Orientação online realizada por psicólogos para distúrbios emocionais pode ser um caminho para resolver problemas.

Por: Olga Tessari
  • Autoajuda Virtual é possível?

    Orientação online para distúrbios emocionais divide psicólogos e terapeutas; alguns defendem atendimento olho no olho

     

    Entrevista com Dra Olga Tessari

    Duas horas da manhã. Angustiada, a advogada Patrícia(nome fictício), 28 anos, liga o computador e entra na internet.  Na página do Google, digita a palavra depressão para pesquisar o assunto. Depois de ler diversos artigos e textos, começa a desconfiar que está com a doença. Na época, Patrícia estava desempregada e fazia dois anos consecutivos que estudava para passar em um concurso público. Sempre era reprovada nos exames e se culpava por isso.  Em um dos sites que visitou, a jovem enviou uma mensagem a uma psicóloga, relatando o que sentia. Como resposta, recebeu o conselho de procurar um especialista. Foi o que ela fez.

    De fato, Patrícia estava com sintomas depressivos. Ainda sob tratamento, inclusive medicamentoso, ela acredita que a internet é um importante instrumento de auxílio àqueles que possuem algum problema. “No meu caso, foi a salvação”, crê.

    Assim como a advogada, muita gente sai à procura de sites que ajudem, de forma ou de outra, a solucionar problemas pessoais ou esclarecer um assunto específico.

    Autoajuda 

    Os sites de autoajuda, por exemplo, têm sido os favoritos de pessoas ávidas por uma melhora de sua condição de vida, assim como de seu aprimoramento intelectual, emocional ou até mesmo espiritual.

    Mas será que se orientar ou até mesmo se consultar com especialistas pela internet é um procedimento adequado?

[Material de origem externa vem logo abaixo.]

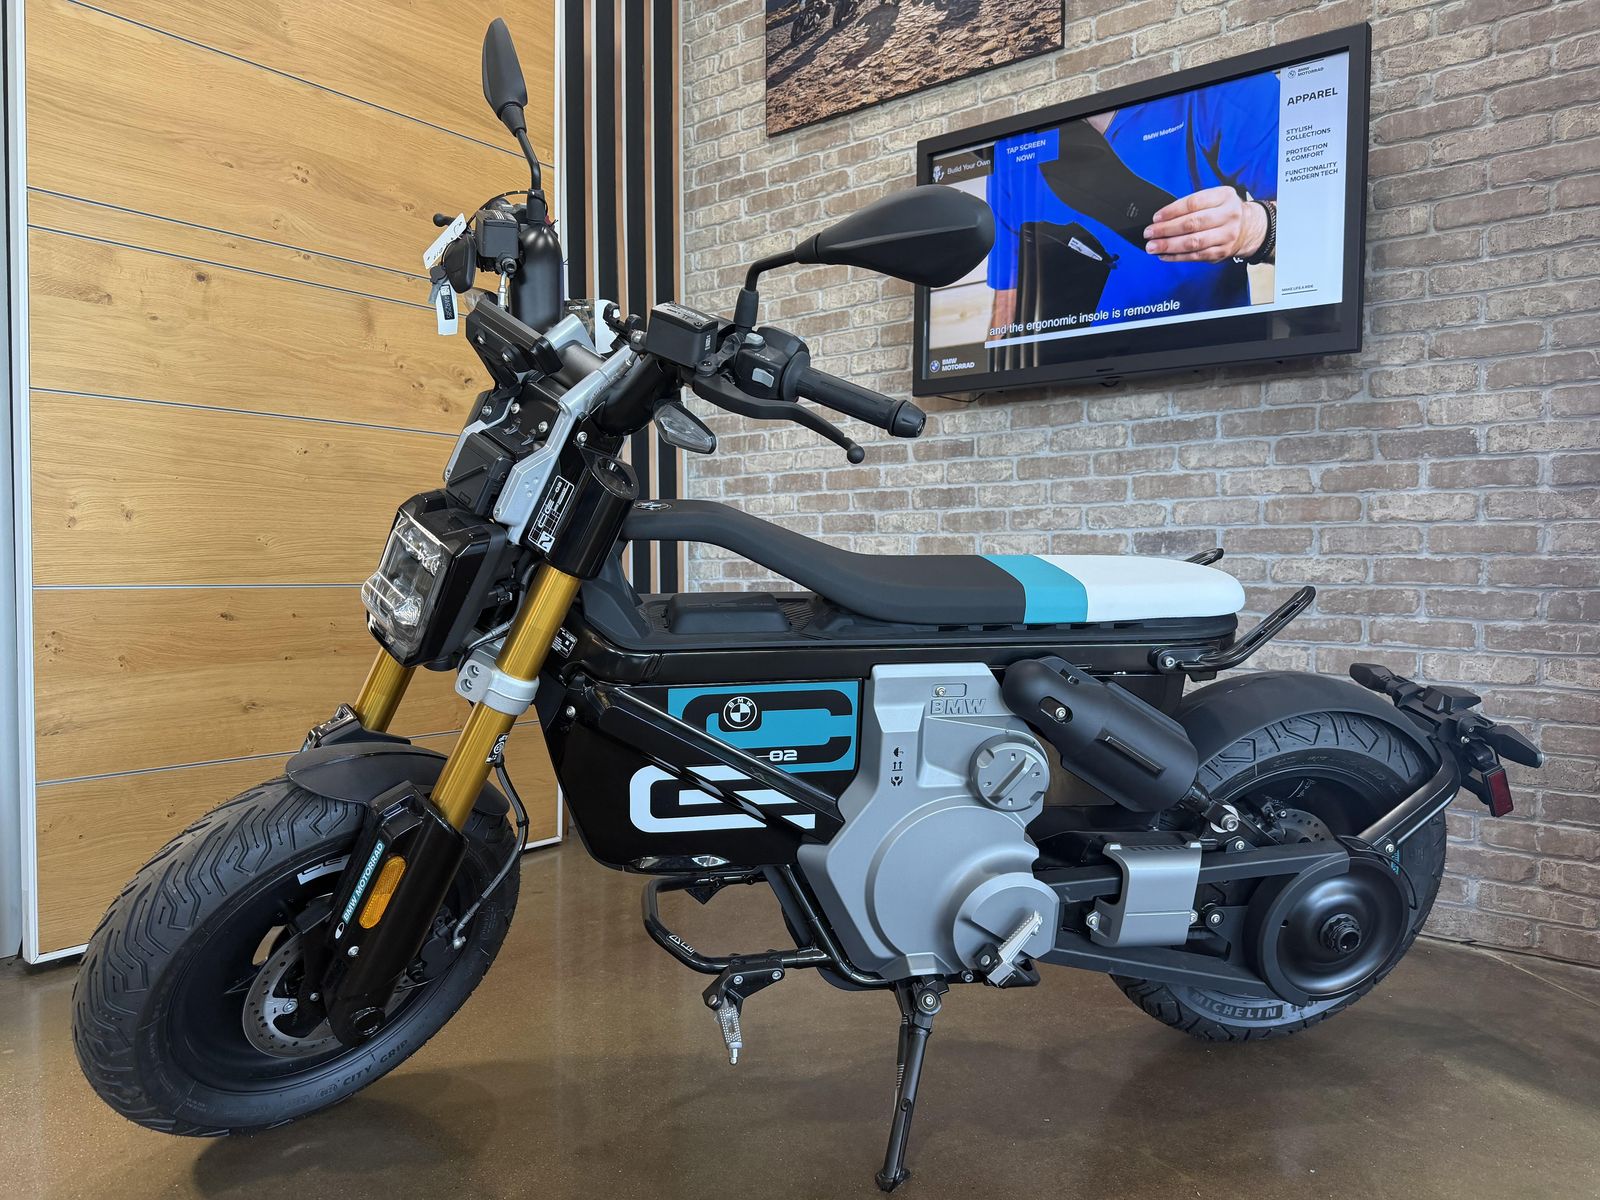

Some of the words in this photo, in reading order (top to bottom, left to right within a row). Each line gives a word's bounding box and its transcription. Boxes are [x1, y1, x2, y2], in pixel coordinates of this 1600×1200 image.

[1287, 87, 1338, 106] APPAREL
[1286, 125, 1313, 135] STYLISH
[1286, 127, 1331, 142] COLLECTIONS
[1006, 145, 1019, 155] TAP
[1019, 139, 1046, 151] SCREEN
[1286, 142, 1328, 156] PROTECTION
[1016, 152, 1036, 163] NOW!
[1291, 150, 1324, 162] COMFORT
[947, 164, 962, 175] Build
[962, 161, 976, 171] Your
[976, 159, 991, 168] Own
[1285, 161, 1338, 176] FUNCTIONALITY
[1290, 172, 1320, 183] MODERN
[1320, 168, 1339, 177] TECH
[989, 323, 1007, 336] and
[1009, 319, 1024, 333] the
[1026, 314, 1077, 332] ergonomic
[1079, 310, 1109, 323] insole
[1112, 307, 1121, 319] is
[1123, 299, 1180, 317] removable
[942, 361, 975, 371] MOTORRAD
[930, 698, 987, 715] BMW
[343, 896, 357, 922] BMW
[354, 842, 383, 898] MOTORRAD
[1190, 992, 1278, 1018] MICHELIN
[342, 1064, 373, 1086] CITY
[379, 1038, 408, 1064] GRIP

    Eis uma questão que vem dividindo a opinião de psicólogos e terapeutas de todo o país. Formada pela Universidade de São Paulo (USP), a psicóloga e pesquisadora Olga Inês Tessari diz que a internet é um dos meios mais fáceis de a pessoa procurar ajuda no momento em que está vivenciando o problema. “Só que dificilmente ela encontrará as respostas que procura, mas os caminhos e meios para que possa refletir e encontrar a sua própria solução”, salienta.

    A psicóloga Olga Tessari recebe entre 100 e 150 e-mails por dia, a maioria dos quais de pessoas que acessam o seu site www.ajudaemocional.com. “Grande parte dos e-mails é sobre dificuldades nos relacionamentos afetivos (ciúmes, traição, insegurança, medos), problemas familiares e ansiedade”, diz Olga Tessari que, além de prestar orientações, em alguns casos indica a necessidade de tratamento psicológico.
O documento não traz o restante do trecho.